あなたがどう言葉を定義しようが勝手ですが、現場の人間は、九九を覚えない、記号問題にない記号で答えを書く、常識を知らない生徒が何を考えているのか、どう物事を覚えさせるか、を試行錯誤しているのですよ。年々「覚える」ことのできない生徒は増えています。
もちろん、「覚える」ことに興味を持たない子たちが、何かを「学ぶ」ことに興味を持たないのは言うまでもありません。
以上、「学力が相対的に最も低下していて、」「この現実を見ようとしない教育関係者」が失礼致しました。小飼さんの議論は現場の人間からすると、えらく的はずれに聞こえて、ついつい口を出してしまいました・・・
Posted by じゅくこーし at 2006年11月23日 23:31
低下ではなく二極化なんでしょうね。
上の山に行けた人には学力は上がっているように見えるし、
そうでない人には下がっているように見えると。
Posted by 下の山の住人 at 2006年11月23日 21:25
この理屈で言えば、「教えて君」が最も学力が高い人になるわけだ。
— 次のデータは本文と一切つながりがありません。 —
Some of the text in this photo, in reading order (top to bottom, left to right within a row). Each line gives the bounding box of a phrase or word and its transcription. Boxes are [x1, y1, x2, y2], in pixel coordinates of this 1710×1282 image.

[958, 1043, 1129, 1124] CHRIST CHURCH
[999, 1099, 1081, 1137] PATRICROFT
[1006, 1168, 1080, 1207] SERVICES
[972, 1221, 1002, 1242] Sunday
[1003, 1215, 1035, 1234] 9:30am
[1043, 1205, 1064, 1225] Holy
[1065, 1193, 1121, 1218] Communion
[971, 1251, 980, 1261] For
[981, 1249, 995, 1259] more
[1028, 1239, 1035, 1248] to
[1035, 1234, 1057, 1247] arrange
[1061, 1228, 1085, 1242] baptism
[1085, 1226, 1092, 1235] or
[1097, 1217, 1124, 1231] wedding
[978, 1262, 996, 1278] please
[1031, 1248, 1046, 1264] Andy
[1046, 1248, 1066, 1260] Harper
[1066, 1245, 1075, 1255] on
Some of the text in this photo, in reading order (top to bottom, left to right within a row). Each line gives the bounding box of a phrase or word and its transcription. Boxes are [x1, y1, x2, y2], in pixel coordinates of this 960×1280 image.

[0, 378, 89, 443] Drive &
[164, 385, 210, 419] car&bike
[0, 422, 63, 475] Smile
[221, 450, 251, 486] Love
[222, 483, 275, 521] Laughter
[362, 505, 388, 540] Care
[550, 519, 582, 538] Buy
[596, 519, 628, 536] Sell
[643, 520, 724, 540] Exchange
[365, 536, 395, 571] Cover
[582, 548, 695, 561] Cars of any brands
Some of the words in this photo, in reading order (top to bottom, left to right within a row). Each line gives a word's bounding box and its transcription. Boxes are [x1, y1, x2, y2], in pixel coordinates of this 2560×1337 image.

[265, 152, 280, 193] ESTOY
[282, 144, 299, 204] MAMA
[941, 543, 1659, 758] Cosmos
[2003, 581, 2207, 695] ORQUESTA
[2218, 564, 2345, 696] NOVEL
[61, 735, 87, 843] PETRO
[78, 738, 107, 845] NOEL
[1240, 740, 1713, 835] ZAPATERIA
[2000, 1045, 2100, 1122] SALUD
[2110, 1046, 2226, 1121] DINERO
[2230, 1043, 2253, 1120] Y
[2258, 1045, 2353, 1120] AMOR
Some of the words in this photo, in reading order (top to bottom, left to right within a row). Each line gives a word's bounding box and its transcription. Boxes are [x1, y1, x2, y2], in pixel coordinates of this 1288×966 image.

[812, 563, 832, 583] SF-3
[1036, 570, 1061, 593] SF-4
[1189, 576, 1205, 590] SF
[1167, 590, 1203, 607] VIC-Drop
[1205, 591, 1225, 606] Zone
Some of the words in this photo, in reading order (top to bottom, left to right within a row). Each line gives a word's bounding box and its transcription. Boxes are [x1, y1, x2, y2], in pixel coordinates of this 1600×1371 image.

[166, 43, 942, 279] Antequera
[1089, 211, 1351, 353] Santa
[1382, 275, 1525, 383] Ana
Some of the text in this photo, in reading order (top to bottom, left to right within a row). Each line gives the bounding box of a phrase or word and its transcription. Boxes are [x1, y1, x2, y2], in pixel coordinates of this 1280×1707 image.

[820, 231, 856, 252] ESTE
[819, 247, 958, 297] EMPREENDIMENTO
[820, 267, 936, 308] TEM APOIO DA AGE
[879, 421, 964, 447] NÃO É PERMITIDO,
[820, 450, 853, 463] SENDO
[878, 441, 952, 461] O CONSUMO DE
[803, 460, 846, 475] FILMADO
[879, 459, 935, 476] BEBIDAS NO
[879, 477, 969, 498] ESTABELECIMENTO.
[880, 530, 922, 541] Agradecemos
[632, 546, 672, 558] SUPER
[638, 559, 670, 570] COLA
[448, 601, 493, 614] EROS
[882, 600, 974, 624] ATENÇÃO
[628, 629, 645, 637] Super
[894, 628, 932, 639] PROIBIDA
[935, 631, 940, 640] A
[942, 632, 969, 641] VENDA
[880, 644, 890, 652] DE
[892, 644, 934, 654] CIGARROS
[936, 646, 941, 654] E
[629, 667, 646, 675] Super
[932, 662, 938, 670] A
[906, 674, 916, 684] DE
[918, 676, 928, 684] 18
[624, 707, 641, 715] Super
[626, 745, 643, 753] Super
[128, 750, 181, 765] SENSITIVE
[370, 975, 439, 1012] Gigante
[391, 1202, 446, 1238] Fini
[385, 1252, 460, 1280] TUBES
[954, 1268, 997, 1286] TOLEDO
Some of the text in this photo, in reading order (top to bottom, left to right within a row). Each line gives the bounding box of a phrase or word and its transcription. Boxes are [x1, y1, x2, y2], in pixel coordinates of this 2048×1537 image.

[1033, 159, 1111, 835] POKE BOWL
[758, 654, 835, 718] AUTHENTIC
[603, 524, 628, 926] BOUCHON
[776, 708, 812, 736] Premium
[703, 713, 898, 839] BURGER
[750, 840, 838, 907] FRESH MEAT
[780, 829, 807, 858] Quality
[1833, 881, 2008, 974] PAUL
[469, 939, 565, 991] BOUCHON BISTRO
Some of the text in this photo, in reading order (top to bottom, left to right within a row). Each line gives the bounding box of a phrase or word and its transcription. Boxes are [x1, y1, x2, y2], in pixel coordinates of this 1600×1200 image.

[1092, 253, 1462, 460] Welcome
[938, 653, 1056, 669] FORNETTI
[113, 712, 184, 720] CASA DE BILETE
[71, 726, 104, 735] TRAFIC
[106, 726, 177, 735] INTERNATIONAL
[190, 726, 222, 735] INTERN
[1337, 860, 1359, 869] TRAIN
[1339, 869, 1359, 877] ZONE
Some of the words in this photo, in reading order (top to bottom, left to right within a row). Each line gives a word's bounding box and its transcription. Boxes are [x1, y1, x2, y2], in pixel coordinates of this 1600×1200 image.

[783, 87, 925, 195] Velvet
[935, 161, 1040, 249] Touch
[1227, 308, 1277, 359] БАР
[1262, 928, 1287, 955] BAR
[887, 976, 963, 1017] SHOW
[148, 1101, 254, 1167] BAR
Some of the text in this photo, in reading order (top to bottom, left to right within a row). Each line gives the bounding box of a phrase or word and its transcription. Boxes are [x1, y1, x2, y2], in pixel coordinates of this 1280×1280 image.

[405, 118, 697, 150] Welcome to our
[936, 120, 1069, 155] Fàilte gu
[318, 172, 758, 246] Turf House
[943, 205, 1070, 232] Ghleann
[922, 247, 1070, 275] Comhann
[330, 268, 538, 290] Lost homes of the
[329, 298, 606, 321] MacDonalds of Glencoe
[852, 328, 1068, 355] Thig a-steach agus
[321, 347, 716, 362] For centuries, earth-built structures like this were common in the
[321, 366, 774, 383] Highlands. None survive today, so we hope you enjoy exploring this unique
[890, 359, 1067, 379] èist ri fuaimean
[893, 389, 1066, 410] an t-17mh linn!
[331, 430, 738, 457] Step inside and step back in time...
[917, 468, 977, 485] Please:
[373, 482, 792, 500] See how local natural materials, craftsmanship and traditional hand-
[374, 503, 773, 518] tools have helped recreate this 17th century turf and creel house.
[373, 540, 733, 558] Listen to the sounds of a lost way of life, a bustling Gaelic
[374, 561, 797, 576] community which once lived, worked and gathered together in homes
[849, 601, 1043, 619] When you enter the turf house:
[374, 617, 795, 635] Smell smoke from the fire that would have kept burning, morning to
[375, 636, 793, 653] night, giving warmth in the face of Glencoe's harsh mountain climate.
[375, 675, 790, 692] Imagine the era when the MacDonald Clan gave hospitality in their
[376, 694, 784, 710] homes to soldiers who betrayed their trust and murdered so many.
逆に、自分で新しい問題の解法を考案できる人、新しい技術を発明できる人は、「学力」が低いことになる。
Posted by at 2006年11月23日 20:12
>私にとっての「学力」の定義は
あたたにとっての(そして、あなただけの)『学力の定義』を採用する限りは、学力は年々上がり続けるわけですね。学力の定義をどのように変更しようとも、できない人間が出来るようになるわけではありません。
Posted by at 2006年11月23日 20:08
単振動の運動方程式は普通の高校生じゃ無理でしょ。授業範囲外だし。
Posted by とおりすがり at 2006年11月23日 17:49
大学に低学力の生徒が入ってくるのは少子化の影響では?
学力低下を嘆いていながら自分の大学の入試科目を減らしていたりする大学教員もいるので、そういう場合は自業自得としか言いようがありませんが。
給料のことを考えれば、入ってくる学生の質より量のほうが大事ってことだから、自分の収入が減ってでも低学力学生を排除する覚悟はないということですね。
Posted by ◎ at 2006年11月23日 15:46
全体としてはそうなのかも知れませんが、学生の学力は確実に下がっています。単振動の運動方程式すら解けない学生が大学の理工学部に入って来るなんて一昔前は考えられませんでした。